In immersive horror, fear is key. But placing your guests in a state of simulated chaos without ever placing them in actual danger requires a safety-oriented team. In doing so, they must ensure that the environments, scenes, and content are safe and that both actors and creators have prepared for as many circumstances as possible. Accidents can and do happen, but these should not be your learning tool. Test everything—then test it again. Canceling a show is a better option than placing an audience in an ill-prepared scene. in an extreme haunt roundtable.
Extreme haunts are arguably some of the safest experiences out there—because they have to be. Haunting sat down with four extreme haunt legends to discuss how they prepare for audiences, what they look for in actors, and what is too far. Below are the responses of Adrian Marcato of Heretic, Justin Brink of Miasma, Warren Ross of Freakling Bros’ The Victim Experience, and Lee Conway of Faceless Ventures (Cracked).
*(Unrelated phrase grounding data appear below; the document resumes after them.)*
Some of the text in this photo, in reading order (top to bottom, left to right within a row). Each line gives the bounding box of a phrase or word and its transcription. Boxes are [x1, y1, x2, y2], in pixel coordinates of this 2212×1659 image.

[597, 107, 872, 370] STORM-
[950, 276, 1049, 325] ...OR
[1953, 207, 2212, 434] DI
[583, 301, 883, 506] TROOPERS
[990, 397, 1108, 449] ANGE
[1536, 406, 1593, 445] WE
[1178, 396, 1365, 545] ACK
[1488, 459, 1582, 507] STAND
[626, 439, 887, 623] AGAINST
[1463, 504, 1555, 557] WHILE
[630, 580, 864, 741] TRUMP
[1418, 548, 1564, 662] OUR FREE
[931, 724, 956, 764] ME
1. With extreme haunts always pushing to innovate, bring more frightening scares, and push the boundaries, how do you determine what is too far for an experience? Where do you draw your line?
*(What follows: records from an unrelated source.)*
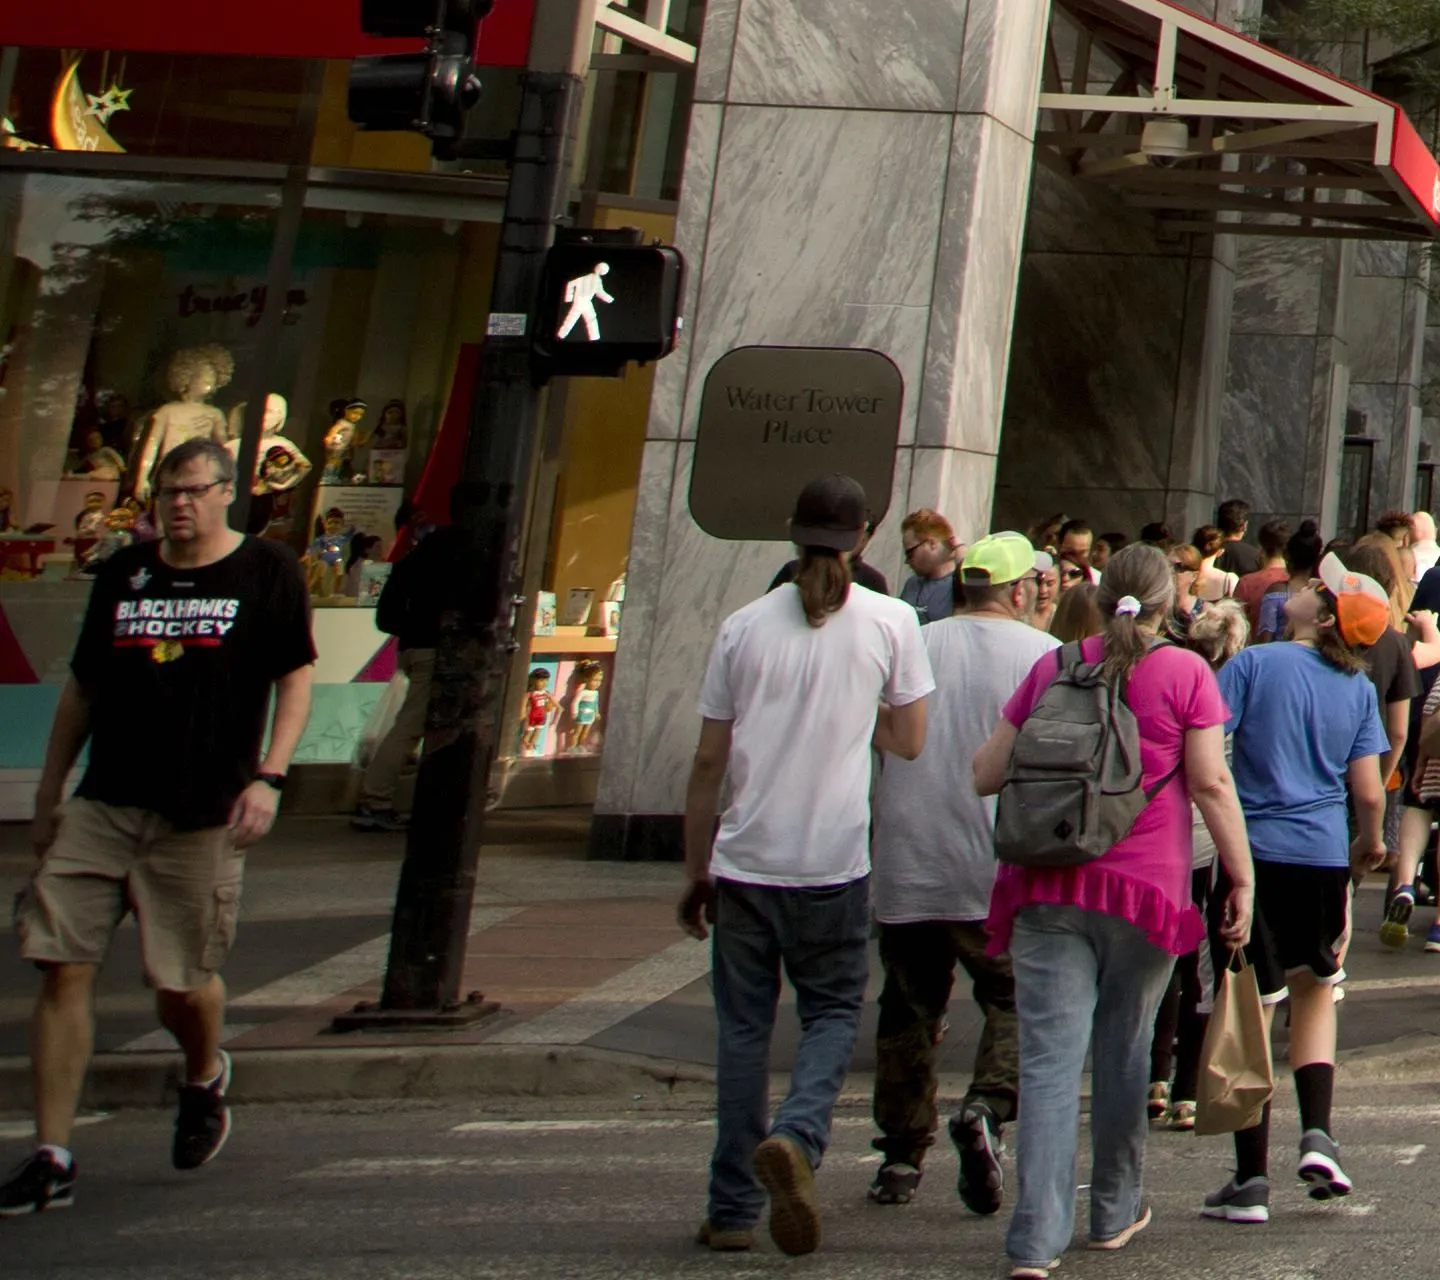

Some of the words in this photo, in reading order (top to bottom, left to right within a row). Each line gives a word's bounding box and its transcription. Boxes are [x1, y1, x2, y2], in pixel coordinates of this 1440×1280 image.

[725, 385, 799, 413] Water
[801, 388, 883, 415] Tower
[763, 419, 833, 445] Place
[115, 598, 240, 620] BLACKHAWKS
[128, 619, 234, 636] HOCKEY
Miasma: That’s such a challenging answer – from a creator and a fan standpoint. If you want to be specific, removing a safe word, to me, is too far. Sure, it’s extreme, but the guest should have the absolute right to remove themselves from a situation. We all know an extreme haunt can sneak up and hit you in a place you don’t expect (physically, emotionally, mentally) and you need an exit. This is, at the end of the day, art and entertainment. I’m much more likely to dismiss a physical stunt if I don’t believe I can perform it to the safest degree possible – that doesn’t mean I won’t learn but I’m not going to drive until I have my license. Another big one, maybe the biggest, is ‘would I do that myself?’ If I’m not willing to do something, it’s too far.
As a fan, I throw caution to the wind and run as fast as I can to try it. And that’s the rub: Fans give a lot of trust to creators, they have to. Going too far is such a personal thing and you’ll know when you hit it. As Creator, you might not know until you start seeing all your guests safety out – and again, some simply won’t. Tough, tough question.
Heretic: In extreme haunts, the idea is making people uncomfortable and testing limits. There is also a responsibility to not place guests in real danger but always present the idea of danger. I make sure that this simulated danger always fit within a narrative or story framework. I will not simply torture someone and make them call the safe word for the reputation. As for going too far, I will never do something I know is unsafe, like feeding them rotten food or pushing them just to get them to call the safe word. The unfortunate reputation these types of experiences have is also what makes them appealing; but my job is not to cater to a fetish or fantasy, but to create a narrative and present raw, visceral, intense content.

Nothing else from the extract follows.